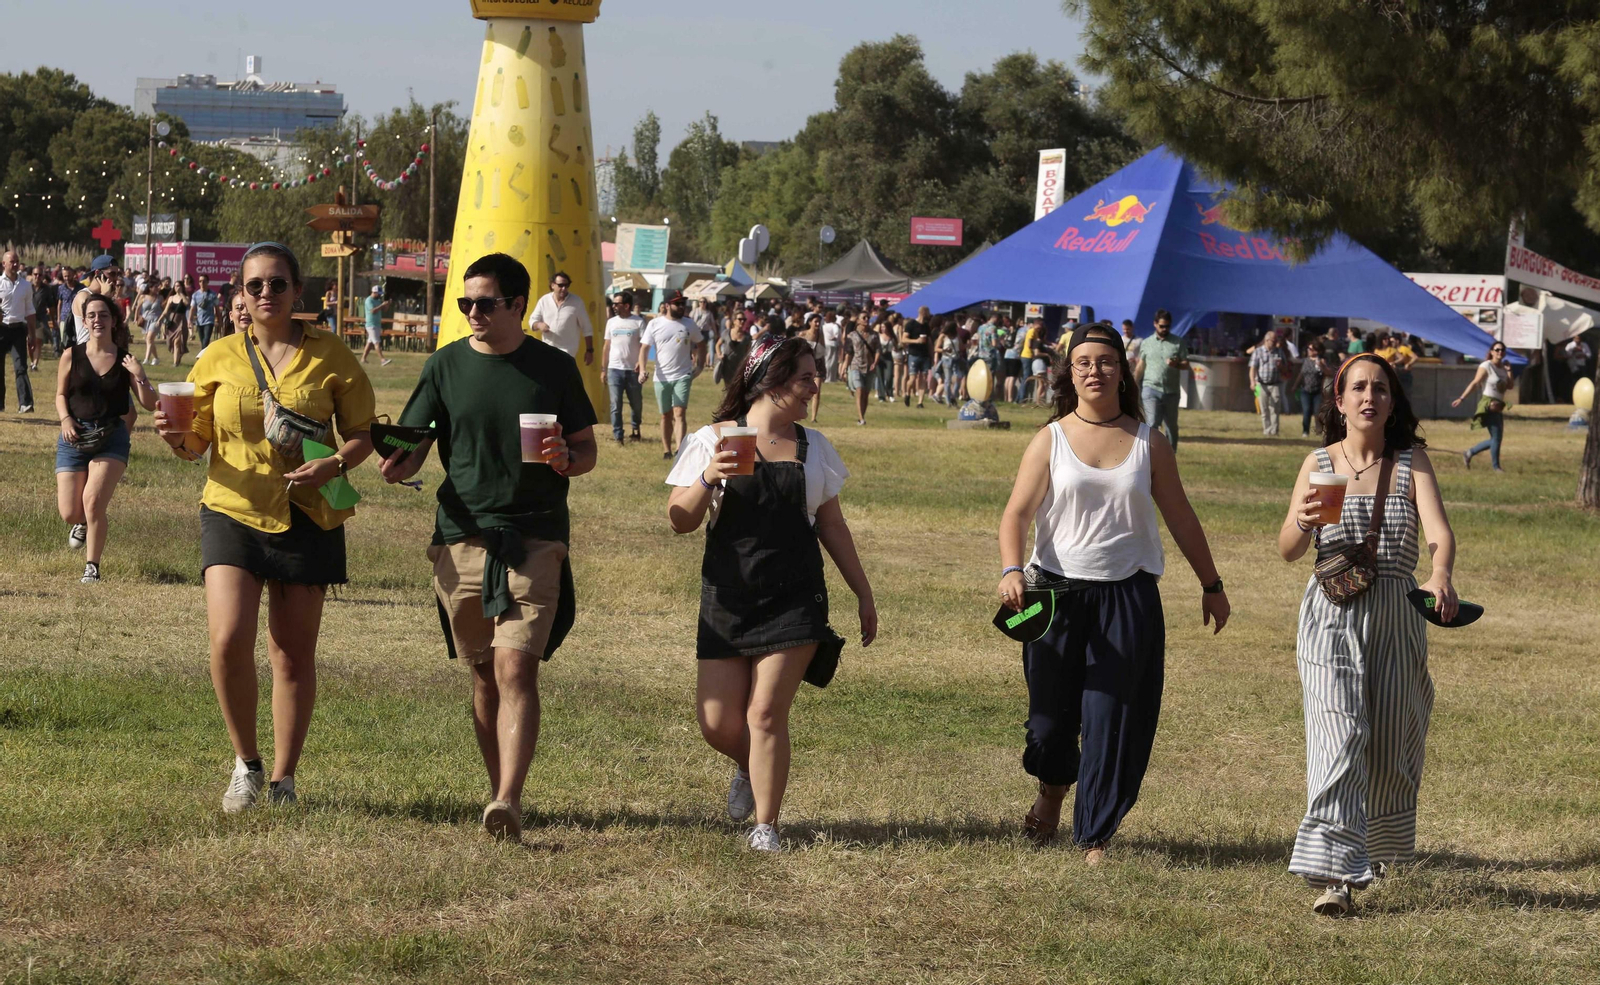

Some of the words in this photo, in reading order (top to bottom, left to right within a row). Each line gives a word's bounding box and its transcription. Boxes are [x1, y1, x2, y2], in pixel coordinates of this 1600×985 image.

[328, 207, 363, 215] SALIDA
[1054, 227, 1105, 252] Red
[1094, 229, 1140, 253] Bull
[1199, 232, 1253, 259] Red
[196, 266, 218, 274] CASH
------------
■ Task to complete
Output the material above word for word. Leave out its images.

■ Answer for this exercise
Some of the words in this photo, in reading order (top to bottom, left to right within a row). Each line gives a word's bounding box and its transcription. Boxes are [x1, y1, x2, y2], in pixel coordinates of this 1600×985 image.

[328, 207, 363, 215] SALIDA
[1054, 227, 1105, 252] Red
[1094, 229, 1140, 253] Bull
[1199, 232, 1253, 259] Red
[196, 266, 218, 274] CASH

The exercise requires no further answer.